Re: Question about capicitors
- From: Eeyore <rabbitsfriendsandrelations@xxxxxxxxxxx>
- Date: Tue, 03 Oct 2006 18:51:55 +0100
PeteS wrote:
Eeyore wrote:
Dana wrote:
Will a capcitor allow DC to pass before it is charged up?
This question is the result of a thread in a computer group, where some
people are claiming a cap acts like a short before it is fully charged.
While some caps depending on construction may exhibit that kind of
operation, I thought caps were constructed to act like an open to DC.
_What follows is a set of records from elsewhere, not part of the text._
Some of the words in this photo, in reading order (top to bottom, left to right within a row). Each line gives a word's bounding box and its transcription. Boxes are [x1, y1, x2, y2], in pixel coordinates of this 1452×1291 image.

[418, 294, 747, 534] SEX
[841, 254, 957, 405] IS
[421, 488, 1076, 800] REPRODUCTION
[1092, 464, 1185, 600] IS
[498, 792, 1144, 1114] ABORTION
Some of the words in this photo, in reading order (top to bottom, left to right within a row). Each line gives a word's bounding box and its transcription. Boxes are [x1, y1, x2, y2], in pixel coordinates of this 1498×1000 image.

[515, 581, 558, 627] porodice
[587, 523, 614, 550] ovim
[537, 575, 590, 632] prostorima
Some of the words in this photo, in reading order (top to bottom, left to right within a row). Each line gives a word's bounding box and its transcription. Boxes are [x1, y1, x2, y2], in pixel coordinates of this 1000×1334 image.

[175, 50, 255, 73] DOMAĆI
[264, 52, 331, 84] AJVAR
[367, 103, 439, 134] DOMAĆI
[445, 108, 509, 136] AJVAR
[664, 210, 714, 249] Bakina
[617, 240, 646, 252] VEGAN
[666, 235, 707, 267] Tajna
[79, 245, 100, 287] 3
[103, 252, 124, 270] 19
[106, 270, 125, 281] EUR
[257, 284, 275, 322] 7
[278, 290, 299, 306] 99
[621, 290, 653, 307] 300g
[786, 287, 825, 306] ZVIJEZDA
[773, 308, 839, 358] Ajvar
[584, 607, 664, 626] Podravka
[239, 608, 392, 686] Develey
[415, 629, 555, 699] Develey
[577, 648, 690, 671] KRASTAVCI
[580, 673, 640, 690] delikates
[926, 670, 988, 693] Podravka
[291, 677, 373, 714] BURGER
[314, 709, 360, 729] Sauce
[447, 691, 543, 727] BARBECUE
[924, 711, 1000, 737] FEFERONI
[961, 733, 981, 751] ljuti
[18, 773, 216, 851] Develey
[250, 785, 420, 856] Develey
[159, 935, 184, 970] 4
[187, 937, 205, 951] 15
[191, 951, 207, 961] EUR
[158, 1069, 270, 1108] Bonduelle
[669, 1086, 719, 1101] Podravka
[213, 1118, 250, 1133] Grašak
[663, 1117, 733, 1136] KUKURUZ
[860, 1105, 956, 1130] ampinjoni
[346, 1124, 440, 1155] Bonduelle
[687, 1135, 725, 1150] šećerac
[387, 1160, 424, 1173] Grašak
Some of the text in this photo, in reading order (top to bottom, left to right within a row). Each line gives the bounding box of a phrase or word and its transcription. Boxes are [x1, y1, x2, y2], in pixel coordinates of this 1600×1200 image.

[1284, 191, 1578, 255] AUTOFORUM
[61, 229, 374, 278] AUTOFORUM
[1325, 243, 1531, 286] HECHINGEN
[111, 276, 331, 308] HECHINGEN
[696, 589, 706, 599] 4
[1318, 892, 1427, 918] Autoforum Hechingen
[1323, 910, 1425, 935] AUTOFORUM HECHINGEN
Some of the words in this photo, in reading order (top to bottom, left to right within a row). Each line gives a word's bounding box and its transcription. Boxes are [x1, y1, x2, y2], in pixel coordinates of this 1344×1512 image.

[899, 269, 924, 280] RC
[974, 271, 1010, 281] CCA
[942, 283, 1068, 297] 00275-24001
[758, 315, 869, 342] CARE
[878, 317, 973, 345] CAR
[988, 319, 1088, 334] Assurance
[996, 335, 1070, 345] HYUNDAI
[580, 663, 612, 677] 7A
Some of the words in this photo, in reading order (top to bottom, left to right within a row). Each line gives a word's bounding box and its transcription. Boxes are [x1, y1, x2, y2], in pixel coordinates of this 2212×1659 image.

They act 'like a short circuit' to brief impulses. No net DC flows though.
Graham
Indeed so. One of the reasons we use gated power for switchable power
domains is to 'soft-start' the inrush current. For the OP - check out
hotswap controllers; you can find them easily on all the major mfrs -
Linear tech, AD, National, TI, Maxim to name just a few. If you read
the datasheets carefully you'll see that the switch is slowly turned on
to present some series resistance during that 'spike', as Graham puts
it.
A test on one ceramic cap (4.7uF) showed that applying raw power at
9.5VDC gave an initial inrush current > 25A (don't try that with an
improperly rated tantalum ;)
I have in fact seen supply rail decoupling caps literally 'catch fire' due to
switch-on transients.
Graham
.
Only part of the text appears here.